* **MATERIAL FOR THE TASK**
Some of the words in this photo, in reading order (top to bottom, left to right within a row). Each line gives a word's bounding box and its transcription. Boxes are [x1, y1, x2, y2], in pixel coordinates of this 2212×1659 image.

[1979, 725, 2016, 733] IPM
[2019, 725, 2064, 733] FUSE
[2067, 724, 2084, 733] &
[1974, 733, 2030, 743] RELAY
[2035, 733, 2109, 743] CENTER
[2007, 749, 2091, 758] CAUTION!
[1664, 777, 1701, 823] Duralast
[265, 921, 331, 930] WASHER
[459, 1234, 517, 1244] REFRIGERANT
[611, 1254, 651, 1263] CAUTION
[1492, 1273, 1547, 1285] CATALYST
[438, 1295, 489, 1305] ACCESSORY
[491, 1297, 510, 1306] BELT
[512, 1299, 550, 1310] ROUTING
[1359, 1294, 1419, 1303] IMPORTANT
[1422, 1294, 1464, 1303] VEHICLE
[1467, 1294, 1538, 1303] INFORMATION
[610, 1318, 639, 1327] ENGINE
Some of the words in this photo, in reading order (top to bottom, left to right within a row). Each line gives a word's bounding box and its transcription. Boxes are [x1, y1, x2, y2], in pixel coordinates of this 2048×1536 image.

* **PROBLEM STATEMENT**
Repeat the listing exactly, keeping every word in place.

* **COMPLETED EXERCISE**
Some of the words in this photo, in reading order (top to bottom, left to right within a row). Each line gives a word's bounding box and its transcription. Boxes are [x1, y1, x2, y2], in pixel coordinates of this 2212×1659 image.

[1979, 725, 2016, 733] IPM
[2019, 725, 2064, 733] FUSE
[2067, 724, 2084, 733] &
[1974, 733, 2030, 743] RELAY
[2035, 733, 2109, 743] CENTER
[2007, 749, 2091, 758] CAUTION!
[1664, 777, 1701, 823] Duralast
[265, 921, 331, 930] WASHER
[459, 1234, 517, 1244] REFRIGERANT
[611, 1254, 651, 1263] CAUTION
[1492, 1273, 1547, 1285] CATALYST
[438, 1295, 489, 1305] ACCESSORY
[491, 1297, 510, 1306] BELT
[512, 1299, 550, 1310] ROUTING
[1359, 1294, 1419, 1303] IMPORTANT
[1422, 1294, 1464, 1303] VEHICLE
[1467, 1294, 1538, 1303] INFORMATION
[610, 1318, 639, 1327] ENGINE
Some of the words in this photo, in reading order (top to bottom, left to right within a row). Each line gives a word's bounding box and its transcription. Boxes are [x1, y1, x2, y2], in pixel coordinates of this 2048×1536 image.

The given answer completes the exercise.